SOURCE MATERIAL:
- Opening Delimiter -

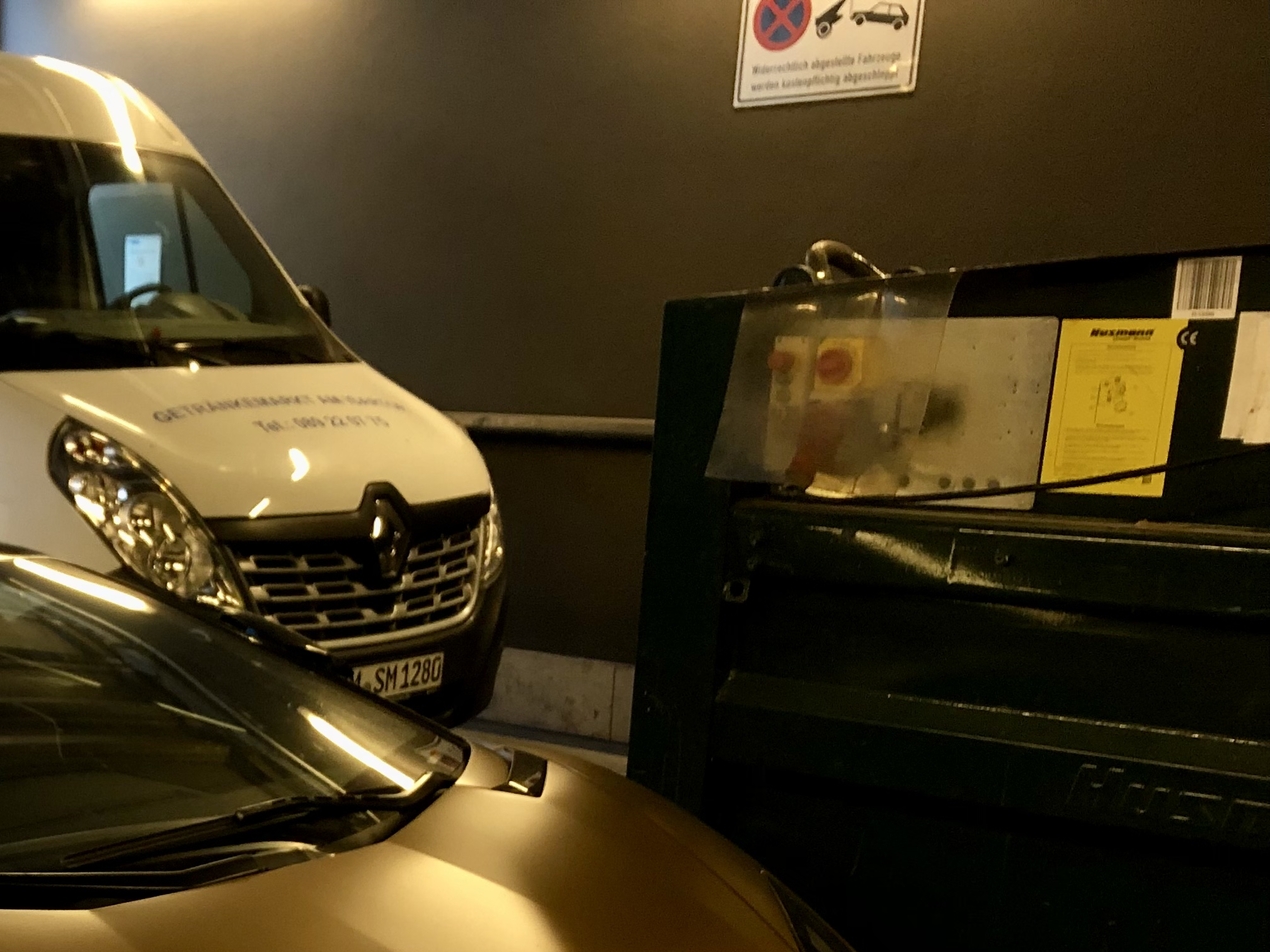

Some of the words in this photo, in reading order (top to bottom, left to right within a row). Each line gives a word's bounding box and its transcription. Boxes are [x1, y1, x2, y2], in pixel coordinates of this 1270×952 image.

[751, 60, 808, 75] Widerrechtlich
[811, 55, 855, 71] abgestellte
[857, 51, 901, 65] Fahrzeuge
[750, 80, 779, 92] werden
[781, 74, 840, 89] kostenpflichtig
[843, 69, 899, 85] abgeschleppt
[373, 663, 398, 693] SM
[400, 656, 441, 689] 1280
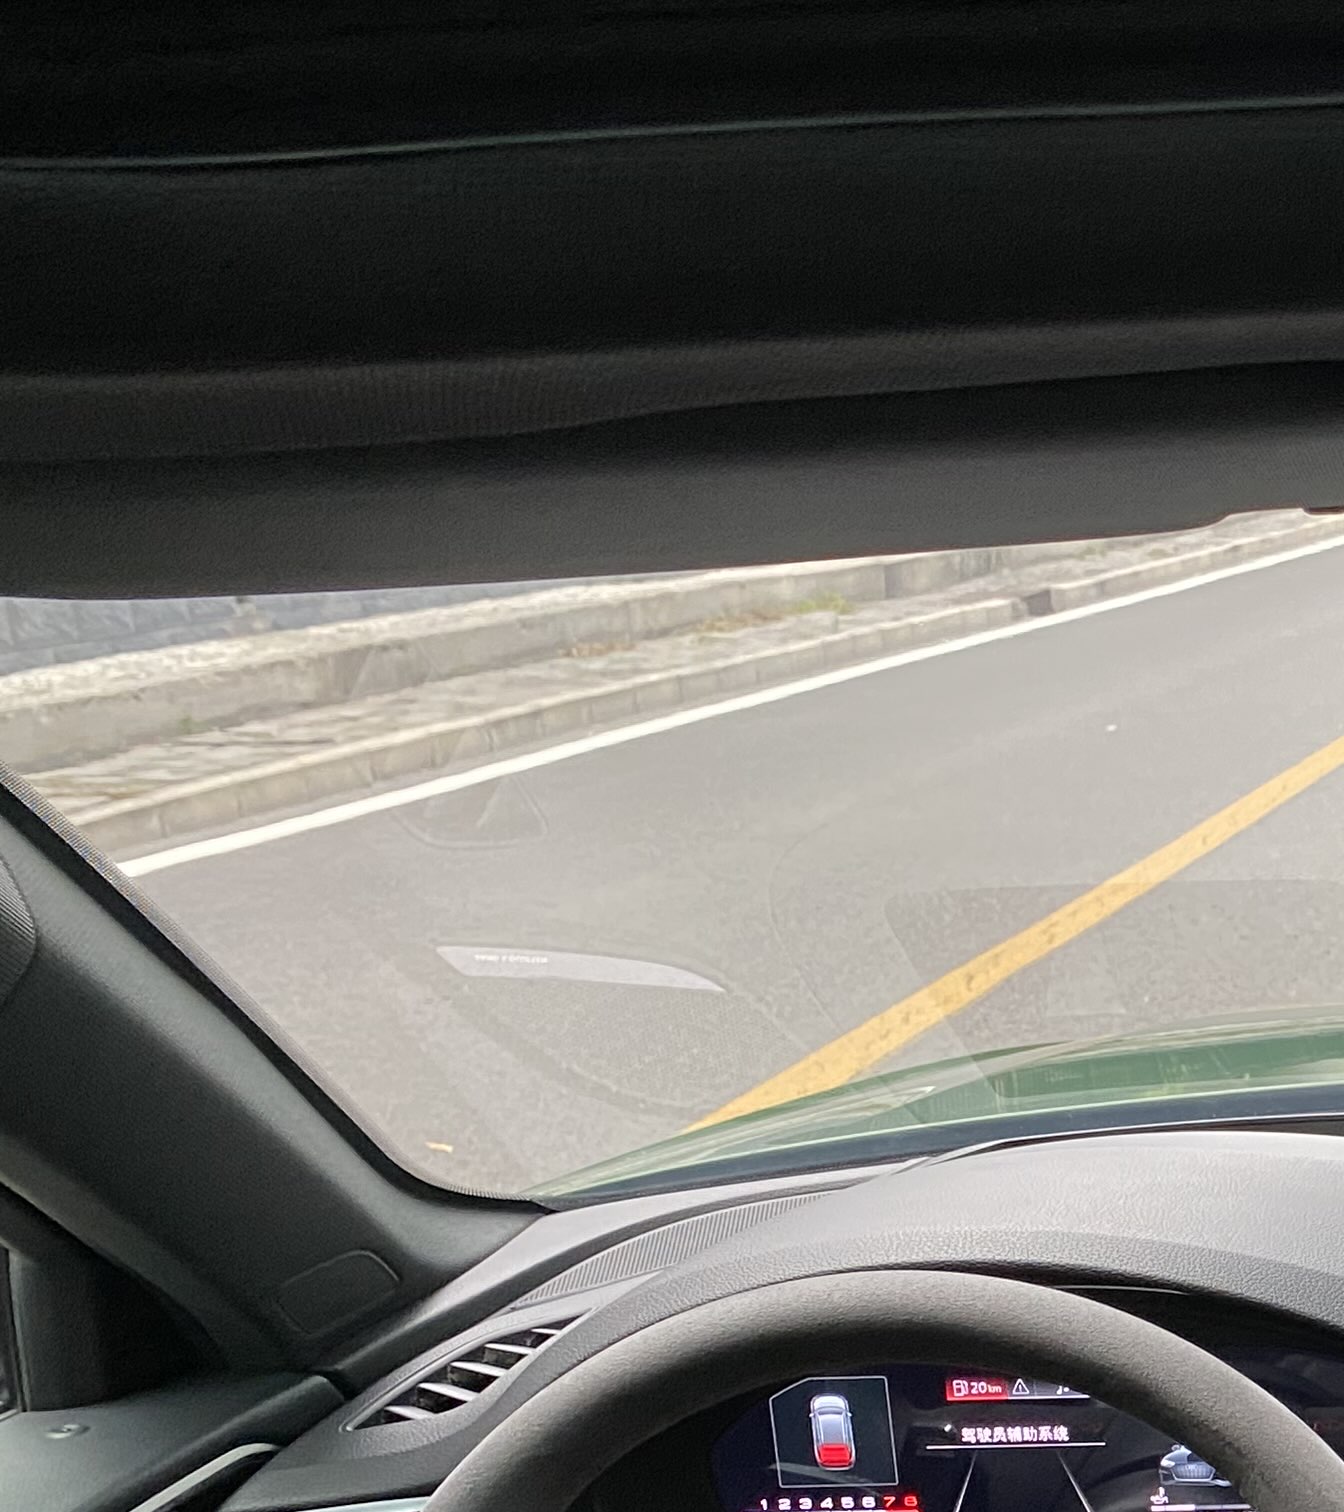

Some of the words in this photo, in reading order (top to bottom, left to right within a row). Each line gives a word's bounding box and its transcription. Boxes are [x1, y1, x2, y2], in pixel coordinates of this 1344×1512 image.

- Closing Delimiter -

TASK DETAILS:
Pictures are to be left out; all else in the entries above is to be quoted exactly.

FINISHED EXERCISE:
Some of the words in this photo, in reading order (top to bottom, left to right within a row). Each line gives a word's bounding box and its transcription. Boxes are [x1, y1, x2, y2], in pixel coordinates of this 1270×952 image.

[751, 60, 808, 75] Widerrechtlich
[811, 55, 855, 71] abgestellte
[857, 51, 901, 65] Fahrzeuge
[750, 80, 779, 92] werden
[781, 74, 840, 89] kostenpflichtig
[843, 69, 899, 85] abgeschleppt
[373, 663, 398, 693] SM
[400, 656, 441, 689] 1280

Some of the words in this photo, in reading order (top to bottom, left to right within a row). Each line gives a word's bounding box and its transcription. Boxes are [x1, y1, x2, y2], in pixel coordinates of this 1344×1512 image.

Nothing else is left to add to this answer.